The bitter spat broke out into the open last week when Gove moved his tanks on to the lawn of the Home Office and aimed them fairly and squarely at May and her most trusted advisers over the issue of fundamentalism and her failure to deal with it. Within a matter of hours the tanks were left smouldering after the launch of a counter attack by the May brigade and the main casualty was the lack of publicity for David Cameron’s carefully prepared Queen’s speech and the unity of the Tory Party.

However, the causes of this war go back a lot further – to a speech May gave at the back end of last year in which she gave her visions of a future Conservative Party that to Gove reeked of the start of a leadership campaign.

In Cabinet, with the encouragement of some of his colleagues, he smacked her down. Despite being a friend of Cameron’s, Gove tells all that if the PM does leave office the natural successor is George Osborne. The reality is the clever, scheming Gove fancies the job himself.

May is his main opposition. She is the darling of the Tories, having deported Abu Quatada, put the Police Federation firmly in their place and is generally reckoned to be a roaring success in the Home Office.

Last week Gove saw an opportunity to strike. He is experiencing a little local trouble with his schools in Birmingham which were accused, now proved by Ofsted, of festering Islamic fundamentalism. Fortuitously, the education secretary had been invited to lunch with the hierarchy of the Times, his former employee before entering the world of politics.

Normally these affairs are sandwiches and tea, or maybe a glass of wine, and a general discourse about the minister’s department and a wider look at the world of politics. It is always expected that the politician leaves a titbit of a story but Gove went a lot further. Who knows whether he felt comfortable with his old mates and let himself go or was more calculating, but he launched an exposition blaming May and the Home Office for the root causes of his Brummie schools problem and then made the fatal mistake of naming Charles Farr, the spook with the job of reining in extremist Muslim groups.

Quite rightly the Times saw this as a big story and faithfully reported that May had failed and that her man Farr was not up to the job – and this is where the sex comes in.

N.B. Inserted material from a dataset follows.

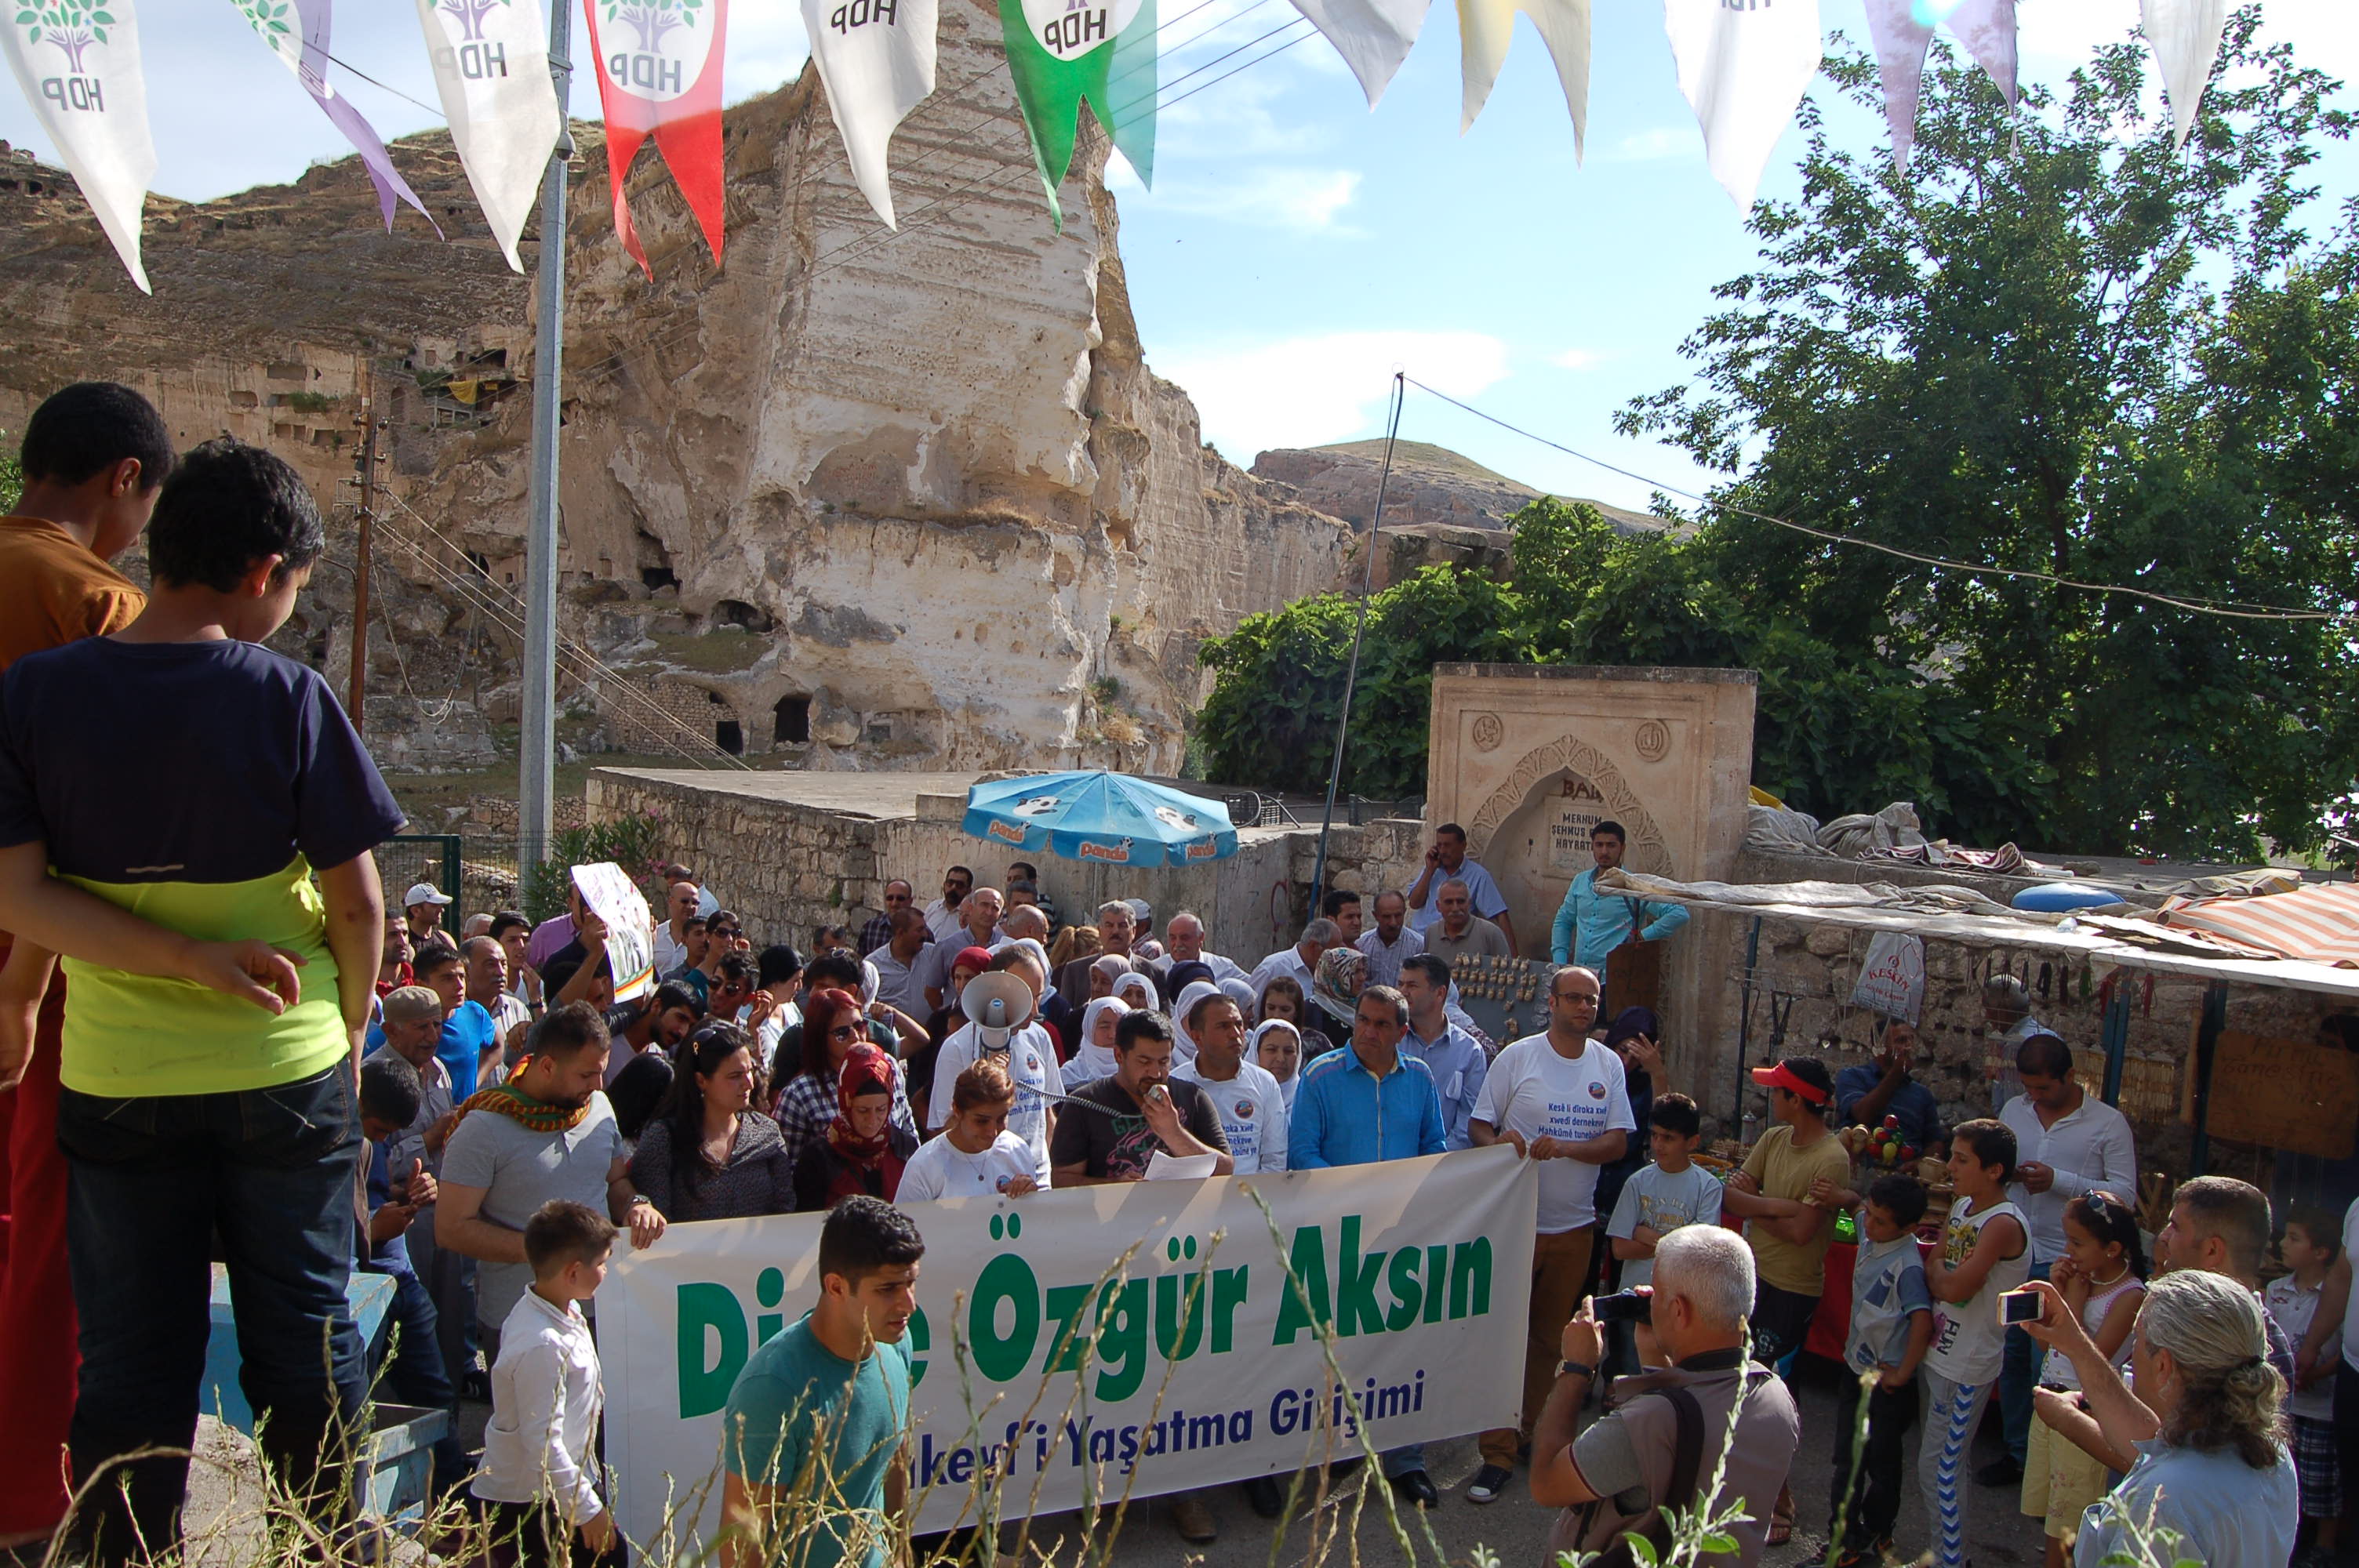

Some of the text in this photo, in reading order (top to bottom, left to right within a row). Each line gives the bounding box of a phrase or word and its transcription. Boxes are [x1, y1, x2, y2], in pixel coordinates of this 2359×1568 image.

[969, 1211, 1249, 1403] Özgür
[1271, 1214, 1492, 1346] Aksın
[1066, 1409, 1253, 1475] Yaşatma

Farr is in a relationship with Fiona Cunningham, one of May’s closest and most fervent advisers and Gove’s attack was a double whammy at her man and her employer.

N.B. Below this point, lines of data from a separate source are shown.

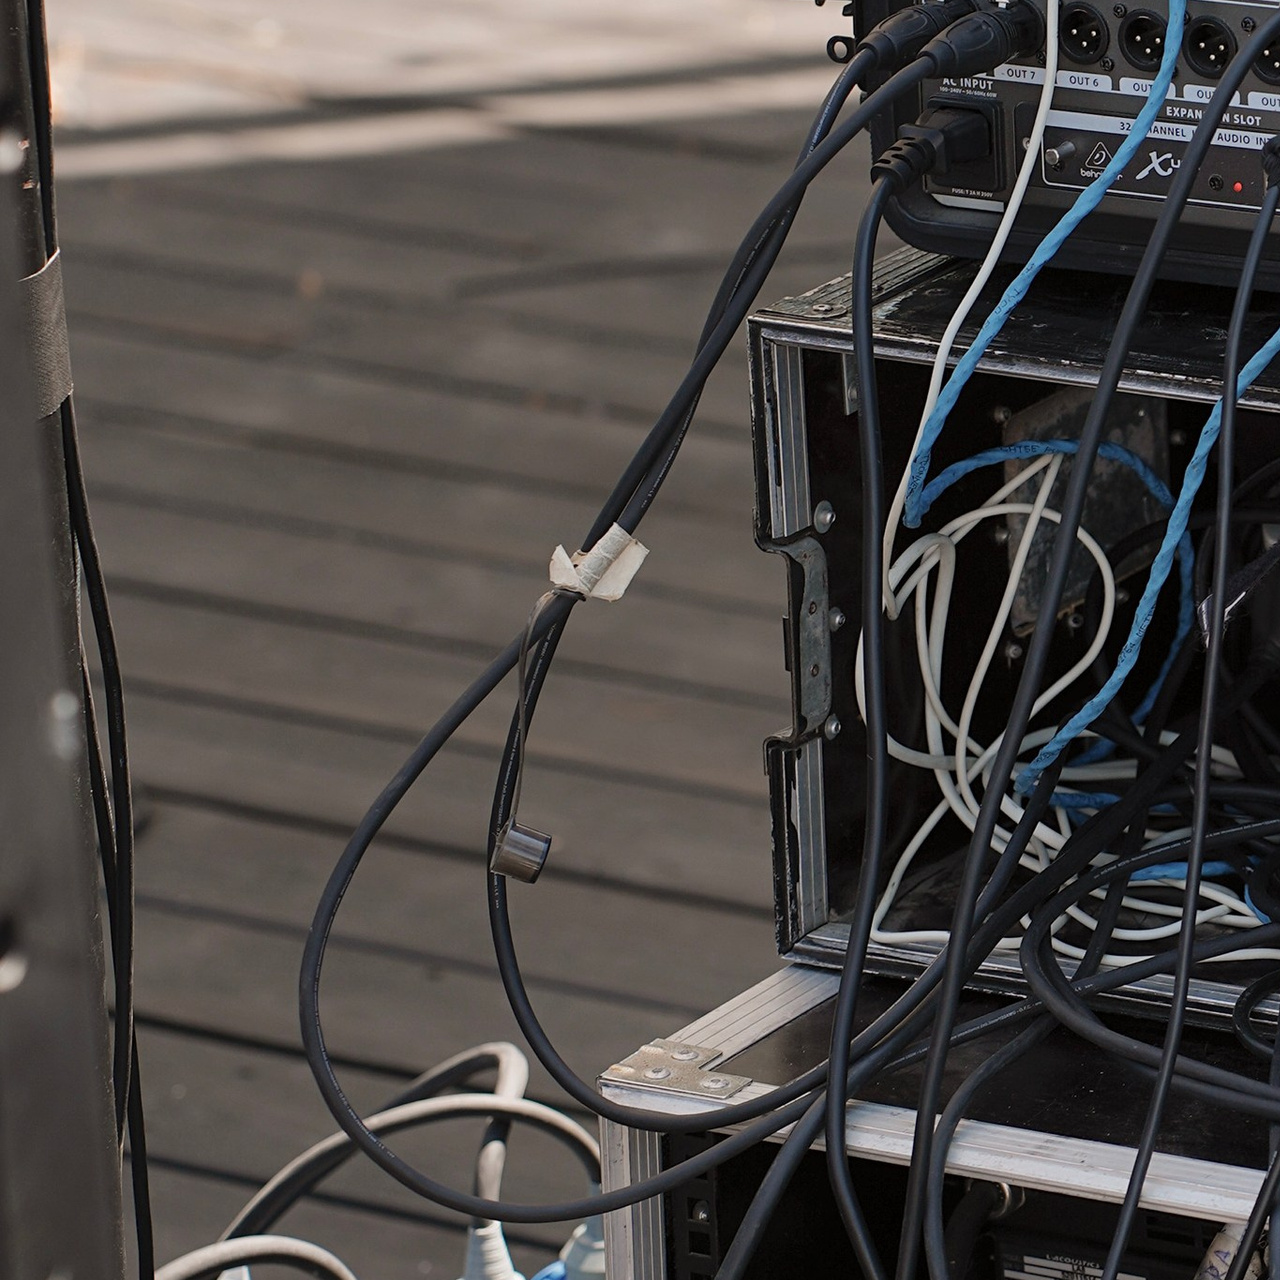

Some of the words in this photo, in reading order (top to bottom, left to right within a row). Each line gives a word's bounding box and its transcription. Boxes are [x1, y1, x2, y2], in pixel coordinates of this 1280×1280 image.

[1006, 68, 1027, 79] OUT
[1069, 75, 1089, 86] OUT
[942, 77, 957, 87] AC
[960, 78, 993, 91] INPUT
[1166, 106, 1229, 123] EXPANN
[1233, 112, 1262, 127] SLOT
[1119, 122, 1130, 131] 32
[1146, 124, 1186, 138] HANNEL
[1217, 132, 1250, 145] AUDIO
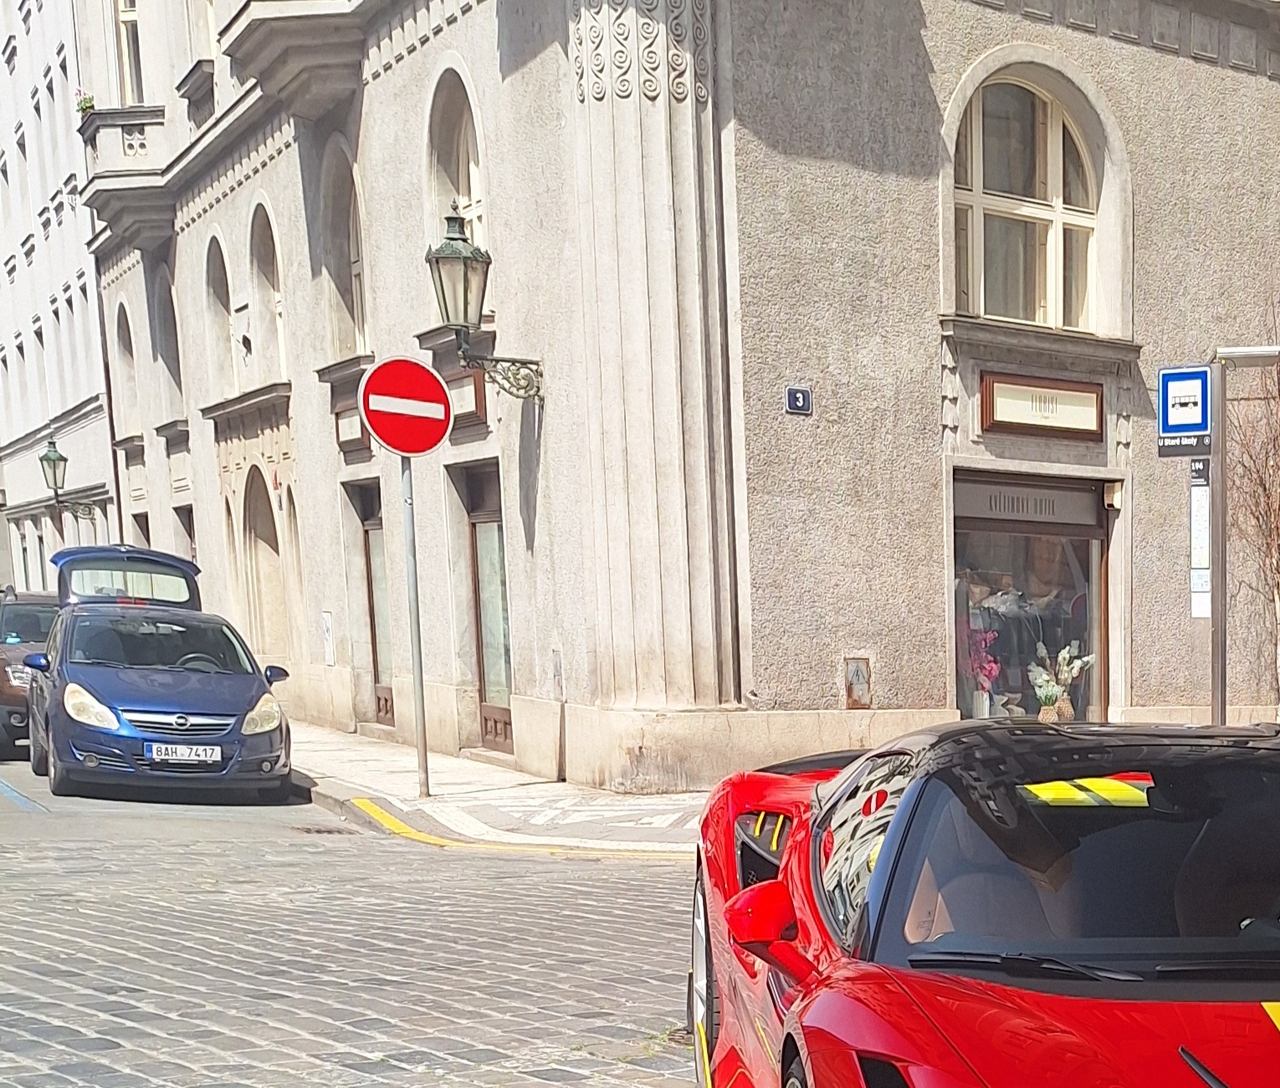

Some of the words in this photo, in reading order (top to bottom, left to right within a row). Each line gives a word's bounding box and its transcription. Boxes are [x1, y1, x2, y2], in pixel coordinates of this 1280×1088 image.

With a speed that can only be admired, she spiked Gove’s guns by releasing a letter that had been sent to his department days before in which the Home Office had laid out in bare terms their disquiet that the education department had failed to act for years on warnings coming out of Birmingham about Islamic extremism in state schools.

Cameron had to act and within days an inquiry by the most senior civil servant Sir Jeremy Heywood, the cabinet secretary, revealed the inside story of the May/Gove war. The prime minister, on Sir Jeremy’s recommendation, told Gove to write personal letters to May and Farr apologising for his behaviour and Cunningham was told to take a glass of whiskey and a revolver into a room and resign.

On the face of it Cunningham, an adviser who has helped her boss become a formidable politician, is the main casualty of this whole tawdry affair. Well-based rumours in the back corridors of the House of Commons suggest otherwise.

Cunningham, it is said, was on the brink of leaving and had already told May that she was departing to a well-paid PR position in the private sector long before the War of Gove’s Lunch. Now she will go with three months salary and bigger reputation as a formidable operator.

So who is the real loser? May has had her Teflon coating damaged and poor Charles Farr, the man who did nothing, will probably never realise his ambition of being head of MI5.

Michael Gove now must wish he had never agreed to lunch at the Times. He was due a promotion from education but now Cameron cannot move him to a more senior position for fear of alienating May and her supporters.

Even his chums at the Times realise his problem and say he should be moved to be in charge of the Tory manifesto for the next election. This is a long way from the job of prime minister.